You see a similar thing with cars in the last one or two decades. Cars with lots of electronic monitoring tend to have more defects. In the electronics, "ghost" warning signals while there is actually no defect. Some (mind you, not all) "cheap" lines or brands have proven to be significantly more reliable than upmarket models stuffed with electronics. If it is not in there, then it cannot break.
I agree with you that there is a point in not having more sensors than needed however cars is a very bad analogy because compared to industrial machinery a car is a pretty crappy piece of machinery and very cheap too.
The industries I worked in where failures matter are all running 24/7/365. Every valve, every pneumatic cylinder, every circuit breaker, every VFD, basically everything has some kind of sensor on it so there is some kind of way to detect an error. Sometimes there is a sensor problem but the most common reason for that is actually mechanical (mounting) or purely using the wrong sensor for what you are trying to detect. The cost of putting a sensor somewhere is much higher than the cost of the sensor itself so they always use high quality stuff, no no-name china stuff.

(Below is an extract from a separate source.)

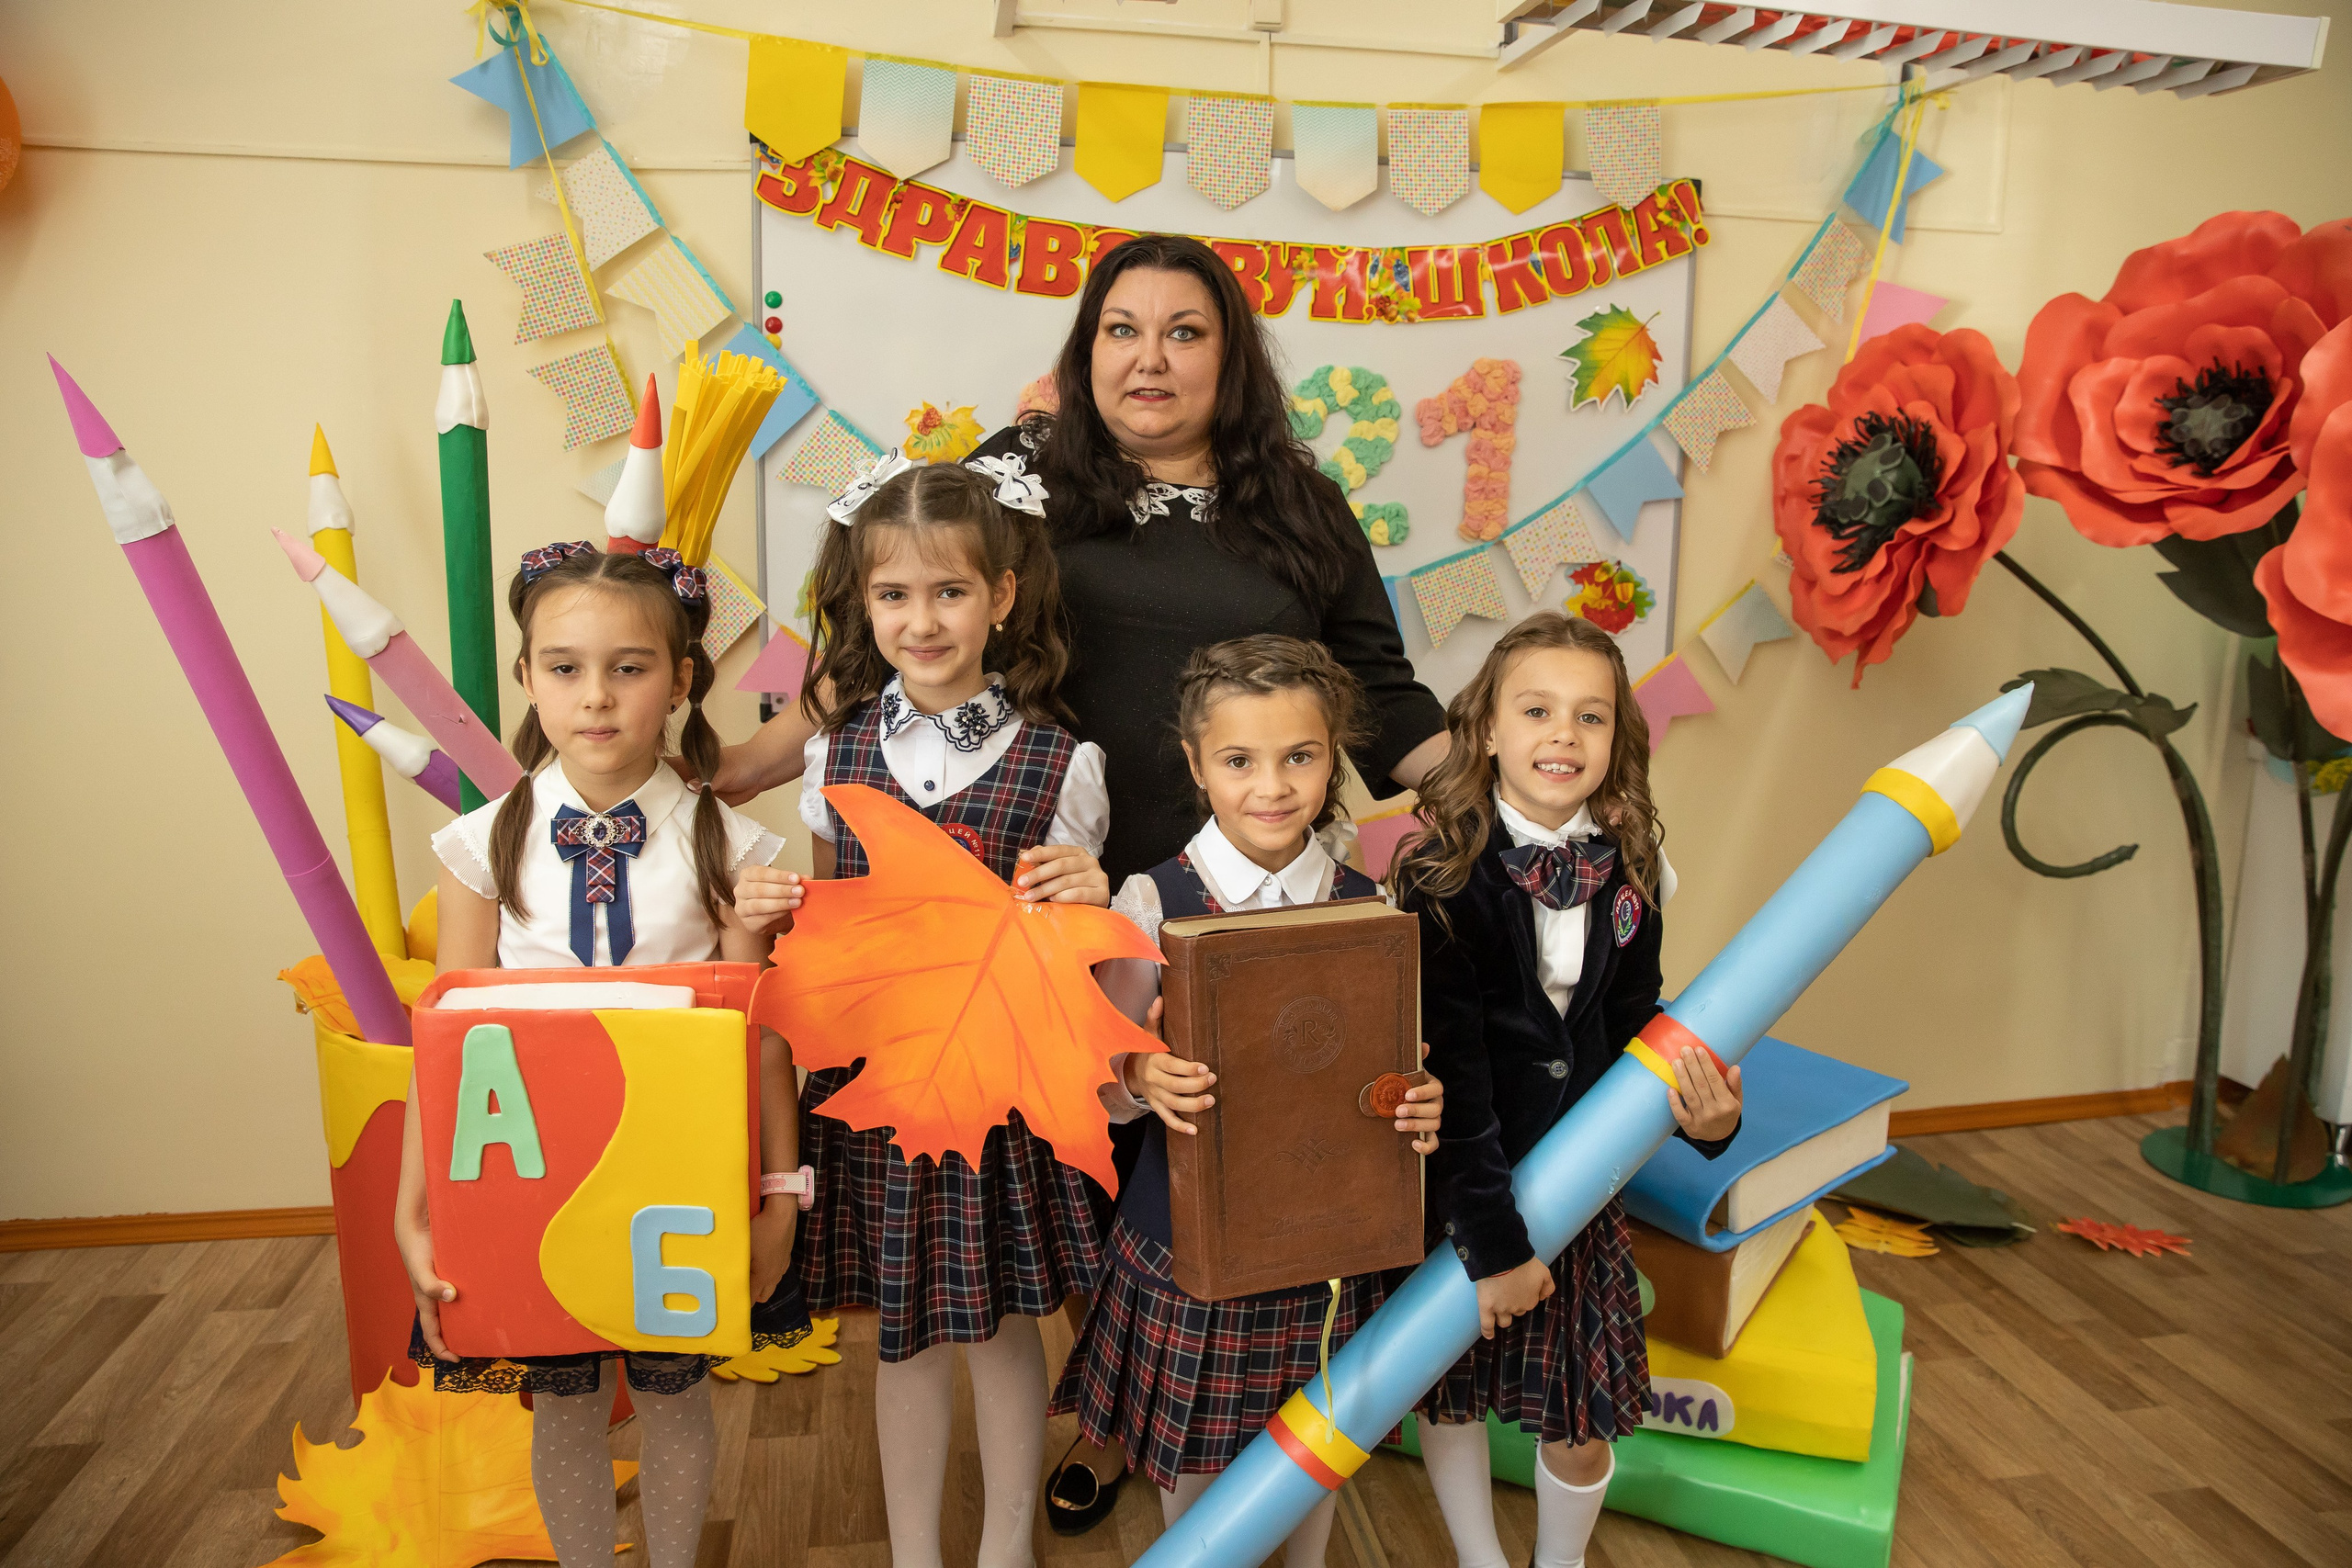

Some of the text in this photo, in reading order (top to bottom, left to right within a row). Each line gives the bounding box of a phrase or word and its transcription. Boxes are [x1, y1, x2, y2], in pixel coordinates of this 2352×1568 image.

[753, 145, 1711, 324] ЗДРАВВУЙ, ШКОЛА!
[449, 1023, 547, 1182] А
[1301, 1019, 1323, 1046] R
[630, 1204, 718, 1337] Б

BTW, just recently I was looking at the maintenance history of a machine that has been running round the clock for about 15 years, that's roughly 130 thousand hours of operation. In those years about 5-6 sensors (it has photoelectric, inductive, laser, ultrasonic, magnetoresistive sensors and pulse encoders) had been replaced. I estimate it has a total of around 100 sensors of this kind. Then there are about 100 input signals from circuit breakers, isolator switches, VFDs, contactors etc. I think the failure rate is very acceptable.